C’est sur ses indications que son amant Gailloud est arrêté à Paris ainsi que son frère Jean Gaydou. Les deux seront exécutés en 1946.
Le tout pour le tout : une évasion contre un lingot d’or
En 1946, le procès des P.P.F. de Gueule tordue va débuter. Ils tenteront un dernier coup, l’évasion. Tony Saunier s’était déjà éclipsé le 23 mai 1945 alors qu’il était entendu au palais de Justice. On le retrouve cinq jours plus tard dans Lyon.
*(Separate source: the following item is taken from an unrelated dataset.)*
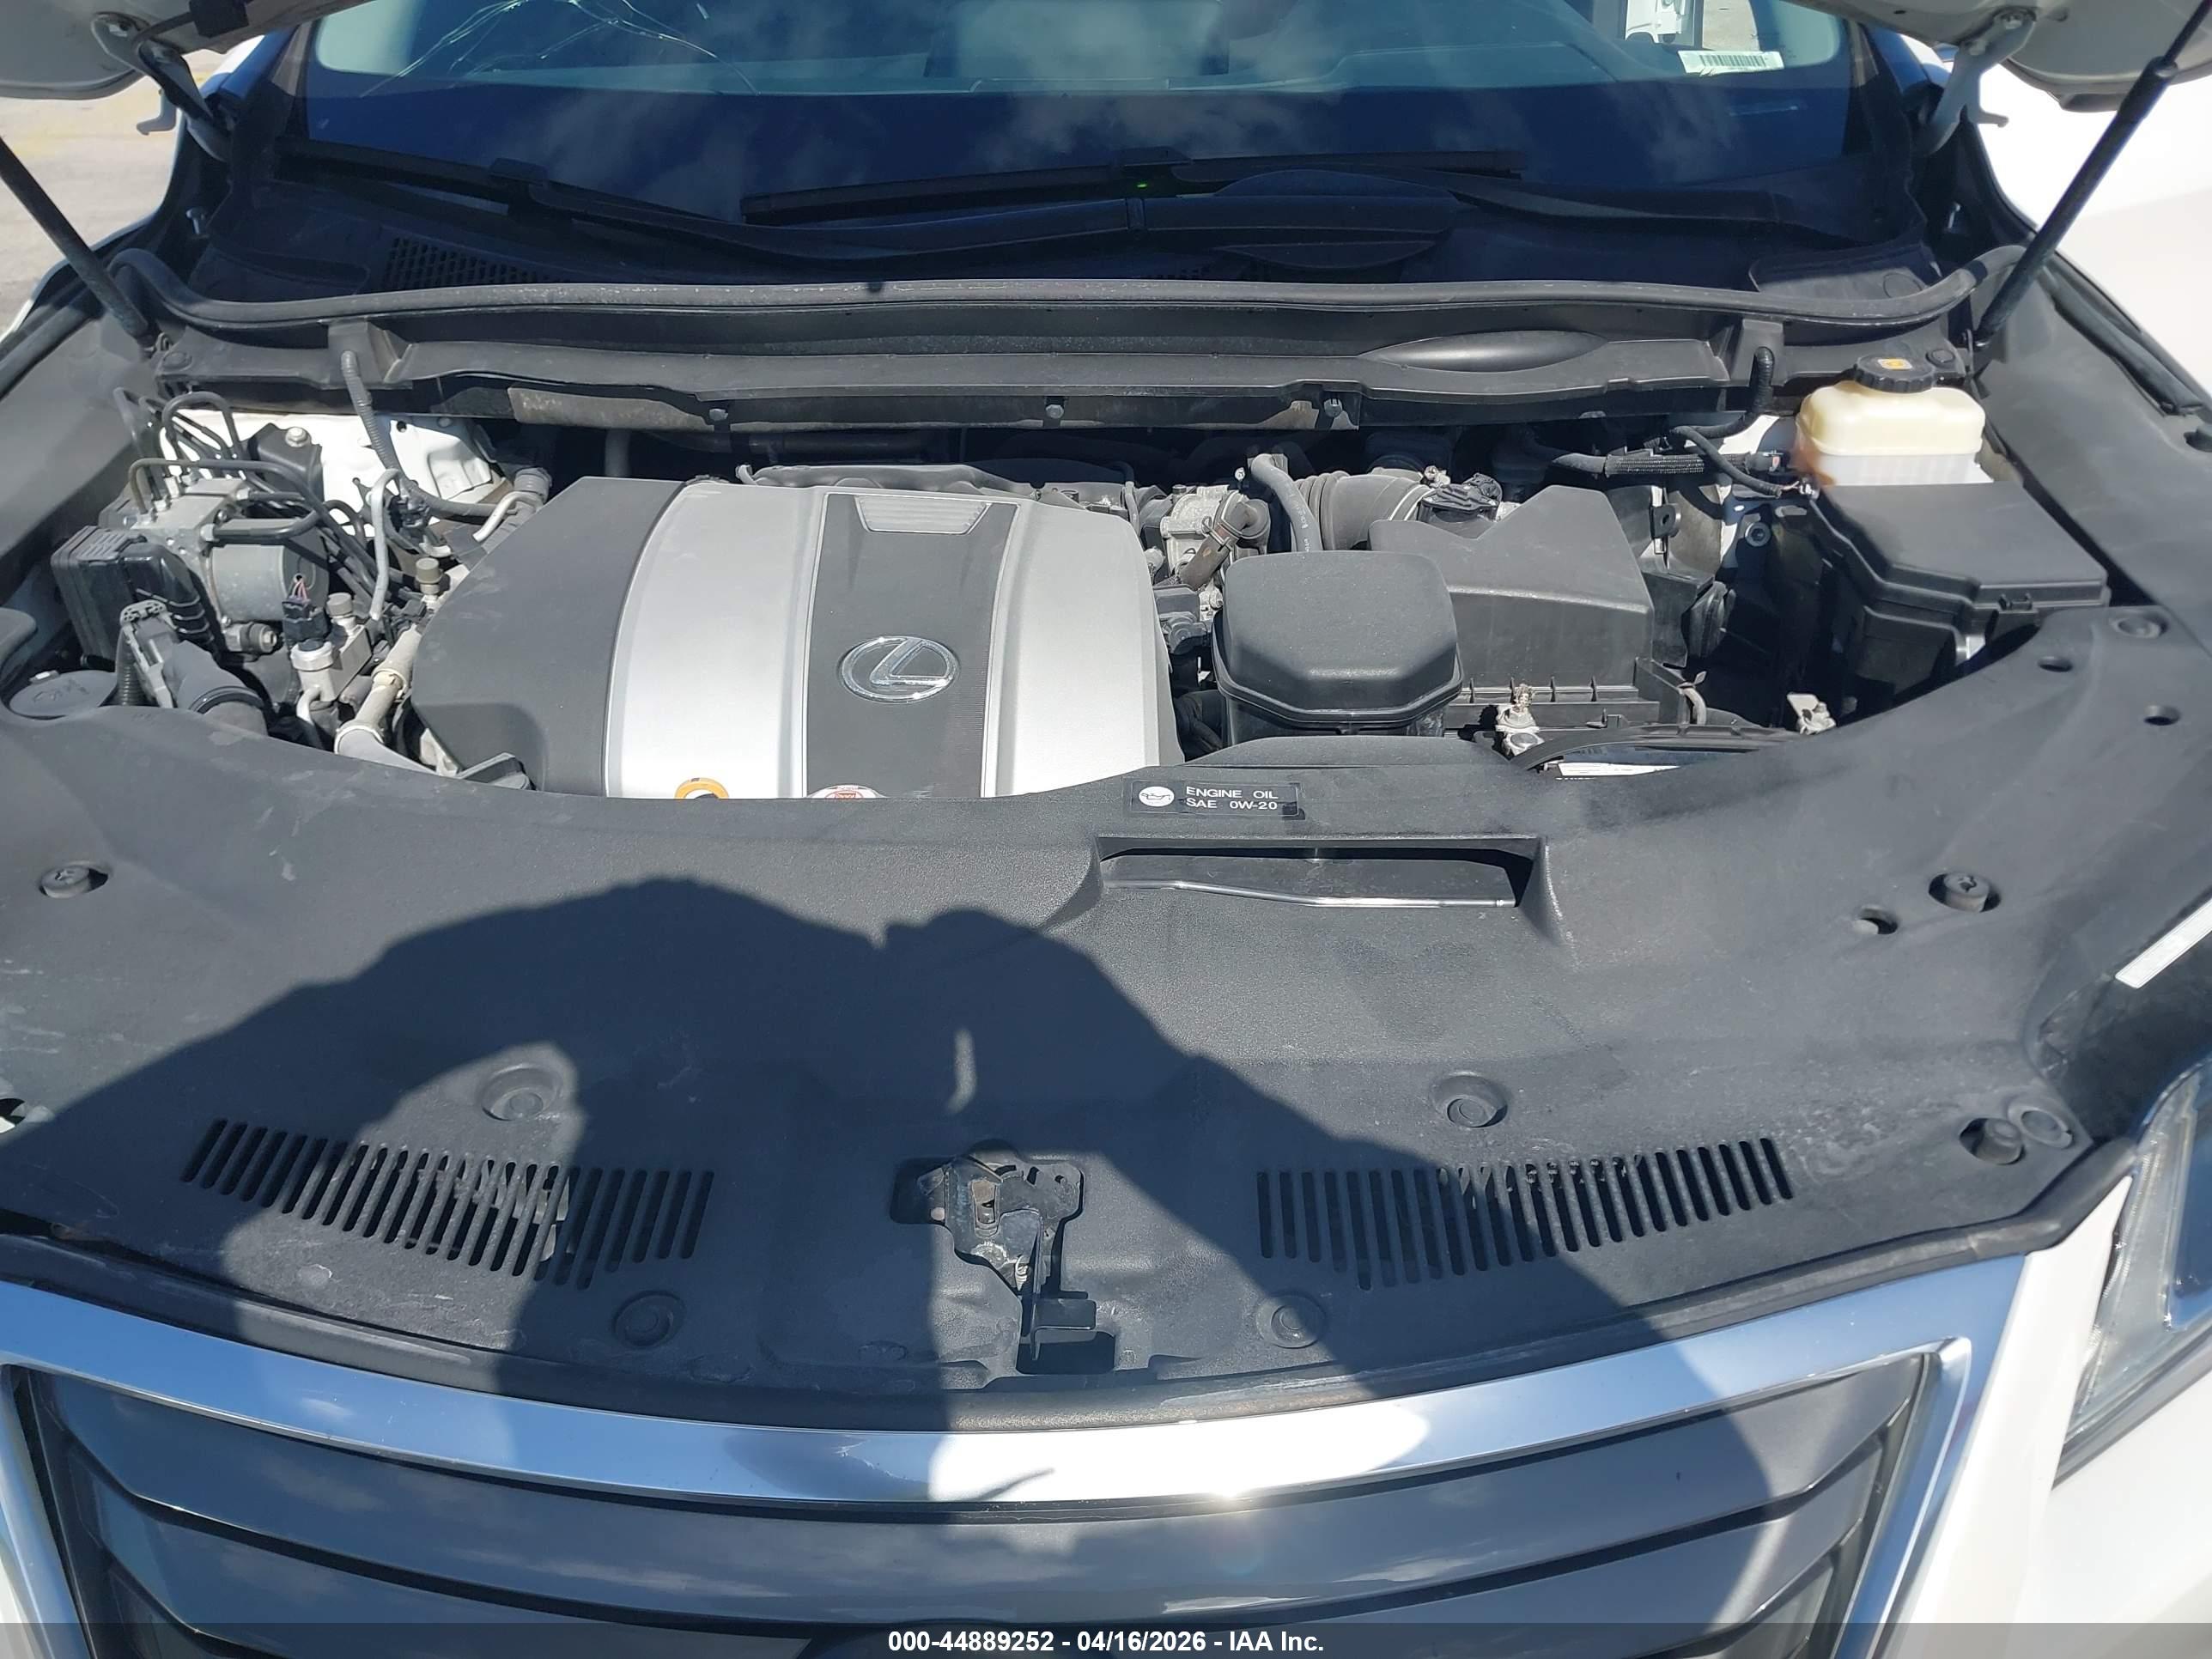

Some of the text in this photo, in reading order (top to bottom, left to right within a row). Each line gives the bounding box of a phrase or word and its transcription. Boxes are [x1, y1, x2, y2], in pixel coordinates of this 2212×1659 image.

[1186, 785, 1279, 799] ENGINE OIL
[1186, 797, 1279, 811] SAE 0W-20
Puis, en décembre 1945 il promettra à Jean Couzon -gardien de prison à Saint-Paul- un lingot d’or évalué à cinq millions de francs contre sa liberté et celle de quelques P.P.F., dont Gueule tordue bien sûr L’opération échoue au dernier moment mais c’est dire combien la fortune qu’ils avaient accumulée est encore bien au chaud quelque part.

Charles Guggisberg[9] ou « Charly » aura plus de chance. En 1948, il est en prison à Riom où il purge une peine de travaux forcés à perpétuité puisqu’il avait été gracié. Il réussit une évasion avec Albert Capisano[10] le 16 décembre. Ils scient les barreaux de leurs cellules. Ils seront toutefois repris en 1949. Pas pour très longtemps puisque « Charly » vit en Suisse quelques années après.
À suivre…
[1] Altar Sylvie, Le Mer Régis. Le spectre de la terreur. Ces Français auxiliaires de la Gestapo. Editions Tiresias Michel Reynaud, 2020, 431 p.,. p. 150. Sambet est encore en mai 1945 en Allemagne et doit, selon Garin-Michaud- revenir en France avec de faux-papiers.
[2] Membre du P.P.F. Il appartenait au 2e bureau de la Milice selon Garin-Michaud.
[3] Fultot, membre de la L.V.F., a notamment dirigé le camp d’Eningen, centre de rassemblement des P.P.F. Il est toujours en Allemagne en mai 1945 et s’apprête, selon Garin-Michaud, à revenir en France.
[4] Altar Sylvie. Le spectre…, op.cit., p. 133.
[5] Article de Gilles Baudin, Libération, 31 août 1995 : « Argentine, terre d’asile des anciens nazis en cavale. »
[6] Mazot est arrêté fin mars 1946 en compagnie d’Etienne Veraut en Italie.
[7] Marcel Robert -selon Garin-Michaud- a été chef de dizaine à la Milice à Paris et à Lyon. Membre du P.P.F. et volontaire à la N.S.K.K. (Nazional Sozialistischer Kraefahrer Korpschef). À Sigmaringen, il s’occupait de la surveillance des travailleurs.
[8] AD Rhône. Audition de M. Heitz par l’inspecteur Roger Morel, 20 juillet 1945.
[9] Guggisberg réside semble-t-il en 1953 en Suisse et n’est donc pas resté très longtemps derrière les barreaux.
[10] Albert Capisano, décédé à Lyon.